You know, you can’t have it both ways. You can’t loath mothers for oversharing and then loath them for not telling the whole truth. But hey, what do I know? You are a professional writer and I am just a mommy (a job a monkey can do, right? unlike writing). What do I know?

aviva_hadas says:

“I’ve wanted to do a story for a long time on memoir-writing and its impact on families. How do we determine what we’re willing to share and how?”

Is there anyway that I can get a notice as to when the above quoted idea for an article is published as an article?

I am not a big fan of mommyblogs just because they don’t interest me that much. I don’t know if I could be categorized as a mommy blog; I don’t think so, because although I am a ‘mommy’, and I blog, I try not to discuss my children too directly. That’s because I’m only semi-anonymous; anyone could figure out who I am quite easily. And so I don’t discuss my children – because they deserve their privacy. And I certainly do not tell the full story. Ever. I don’t think that’s a fair expectation of a blog. A blog not a novel, where you can project all your issues onto various characters and proclaim nothing reflects you directly.

Rather, a blog is like a diary. Peope expect some connection to reality. Once you start telling the full story, you are violating someone.

Marisa Elana says:

I’m amused by how many of the name-calling folks simply disagree with Marjorie. Instead of saying “you’re a shallow, horrible, baby-eating troll,” why not just say “you know what, I disagree.” Don’t you teach your kids stuff like that, all you mommies and daddies out there?

Personally, I’m not a fan of any blog that is poorly written and formulaic, regardless of the subject. Ditto for blogs that reveal more private details about anyone, adults or kids, than should be publicly shared. But I know that many of the family-oriented blogs are, in fact, meant primarily for an audience of other family members, and are totally snooze-inducing for those of us who don’t share the DNA of the darling poopers.

Kristen says:

Hi Marjorie,

Thank you for addressing the one thing that makes me uncomfortable about mommmyblogs: consent. Children are too young to give it. Too young to understand that everything they say or do is subject to become content on their mother’s blog. It is one thing to occasionally include something your child says or does that gives you a moment for pause and reflection, but it is another to use them for content purposes. It makes me uncomfortable to see children’s lives unfolding online.

I write a tiny blog to keep in touch with my family members who live thousands of miles away. And before I write about any of them, I ask their permission to send their stories out into the great interwebs, even if no one else ever reads it. I don’t want to blanket all mommyblogs as irresponsible; I don’t think they are. But I just hope that people really think before they post about the people they love.

This is just what I’ve been looking for all the time. Don’t stop updating this web site.

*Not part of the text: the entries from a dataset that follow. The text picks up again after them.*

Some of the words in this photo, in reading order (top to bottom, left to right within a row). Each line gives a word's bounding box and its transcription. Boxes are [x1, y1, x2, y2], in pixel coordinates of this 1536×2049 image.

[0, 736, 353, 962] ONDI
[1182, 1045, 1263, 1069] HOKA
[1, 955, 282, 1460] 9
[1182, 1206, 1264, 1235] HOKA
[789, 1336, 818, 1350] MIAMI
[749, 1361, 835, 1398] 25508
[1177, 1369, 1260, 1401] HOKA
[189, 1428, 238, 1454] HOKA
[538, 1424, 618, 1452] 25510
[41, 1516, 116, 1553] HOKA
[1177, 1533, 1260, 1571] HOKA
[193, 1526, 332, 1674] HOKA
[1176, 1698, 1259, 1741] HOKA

This article gives the light in which we can observe the reality. , and i want to tell you:
Sick to death of blowing money on so-called “Forex bots” which promise “no losses” and end up raping your account of thousands? Learn the secret that finally turned the Forex market into my own private cash machine completely on AUTOPILOT… No matter what your experience, this will work for YOU!
You could be on holiday in the Bahamas, while this unique service absorbs mounds of profit into your account!
Download it on forextradersreview.com ! [url=http://forextradersreview.com]Forex Fisher[/url]

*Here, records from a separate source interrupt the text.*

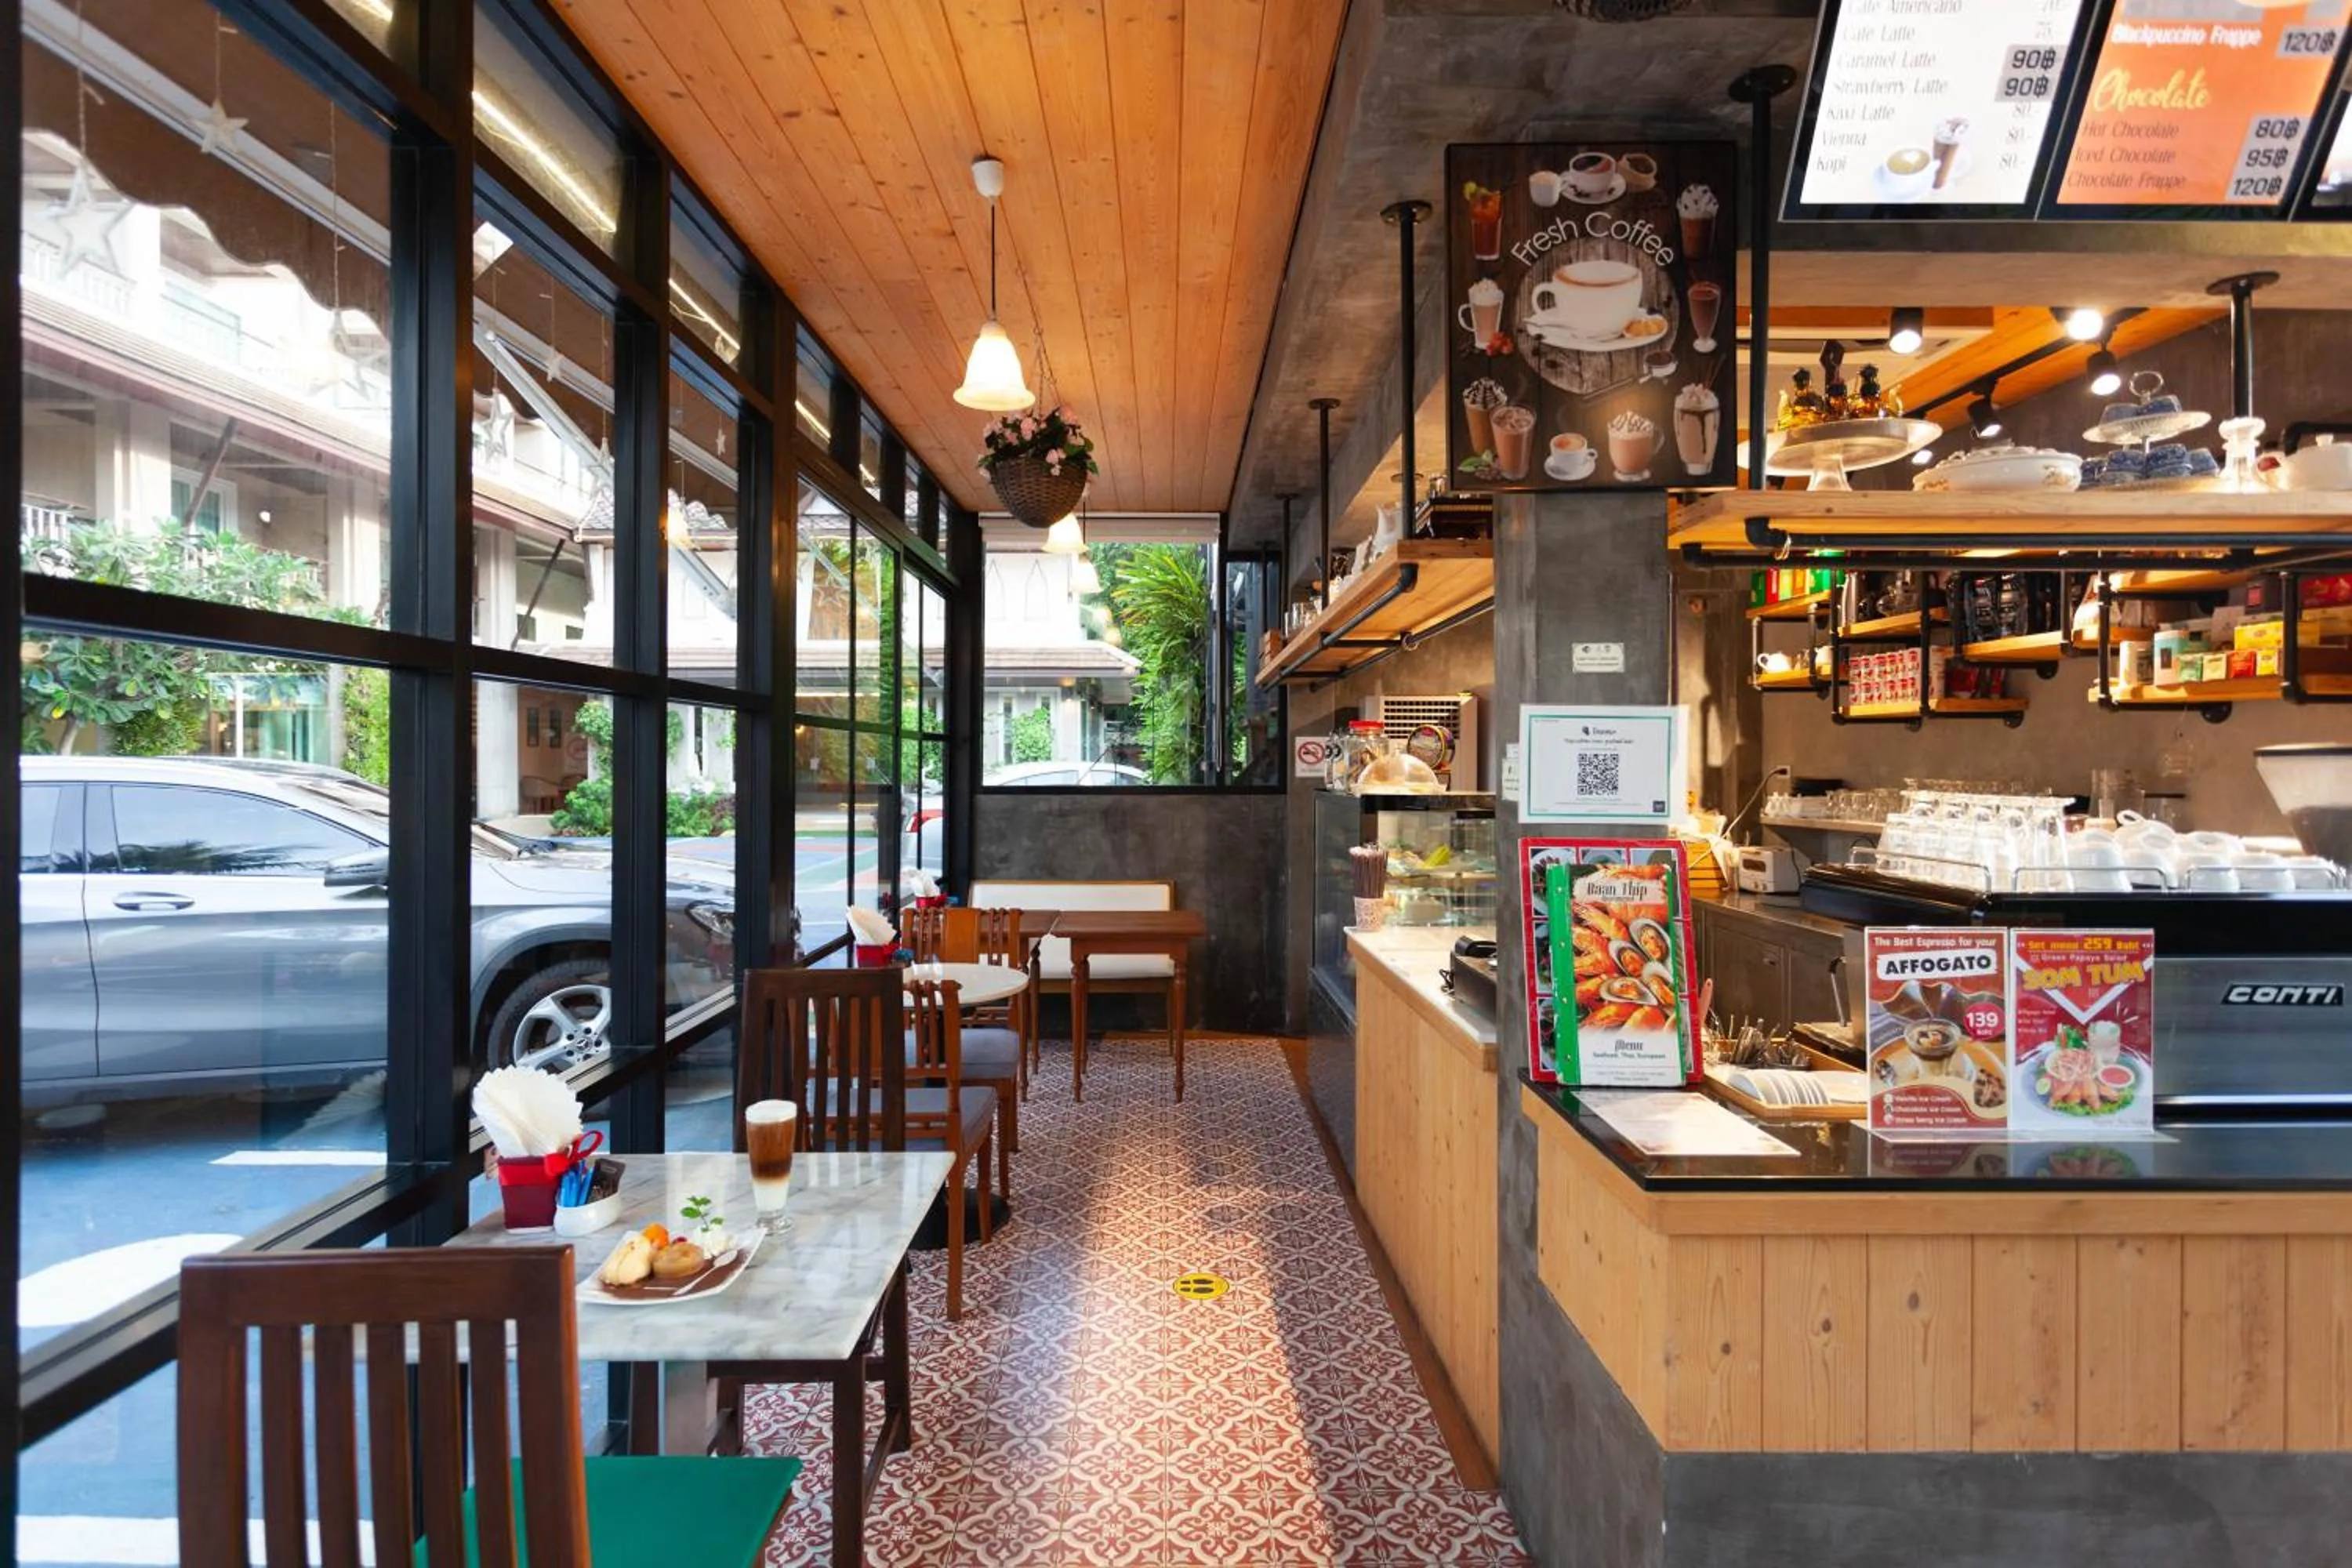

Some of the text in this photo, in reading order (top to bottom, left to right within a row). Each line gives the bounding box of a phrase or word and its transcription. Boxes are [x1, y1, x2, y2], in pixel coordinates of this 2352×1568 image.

[1882, 23, 1916, 42] Latte
[2210, 24, 2263, 49] Frappe
[1838, 51, 1895, 69] Caramel
[1900, 51, 1936, 68] Latte
[1833, 78, 1906, 96] Strawberry
[1913, 78, 1949, 95] Latte
[2092, 67, 2210, 111] Chocolate
[1861, 103, 1895, 121] Latte
[1821, 130, 1867, 147] Vienna
[2082, 120, 2107, 137] Hot
[2111, 119, 2180, 140] Chocolate
[1816, 155, 1849, 174] Kopi
[2075, 146, 2104, 163] Iced
[2109, 146, 2177, 165] Chocolate
[2067, 172, 2134, 190] Chocolate
[2138, 172, 2187, 194] Frappe
[1510, 211, 1675, 267] Fresh Coffee
[1874, 936, 1997, 949] The Best Espresso for your
[2082, 936, 2113, 951] 259
[1885, 954, 1992, 975] AFFOGATO
[2041, 953, 2067, 961] Green
[2069, 953, 2101, 963] Papaya
[2103, 953, 2128, 962] Salad
[2022, 960, 2147, 991] SOM TUM
[2227, 985, 2338, 1004] CONTI
[1965, 1011, 1999, 1029] 139
[1615, 1038, 1644, 1052] Menu

I’ve said that least 4931214 times. The problem this like that is they are just too compilcated for the average bird, if you know what I mean

thanks for your tips , id love to stick to your page as usually as i can.possess a good day~~

2000

Your comment may be no longer than 2,000 characters, approximately 400 words. HTML tags are not permitted, nor are more than two URLs per comment. We reserve the right to delete inappropriate comments.

Thank You!

Thank you for subscribing to the Tablet Magazine Daily Digest.
Please tell us about you.

Blogorrhea

Why I don’t read mommyblogs

More on Tablet:

Elvis Was Our Shabbos Goy

By Vox Tablet — Some people lean on neighbors for a cup of sugar. The Fruchters, of Memphis, Tennessee, needed theirs to help them keep the Sabbath.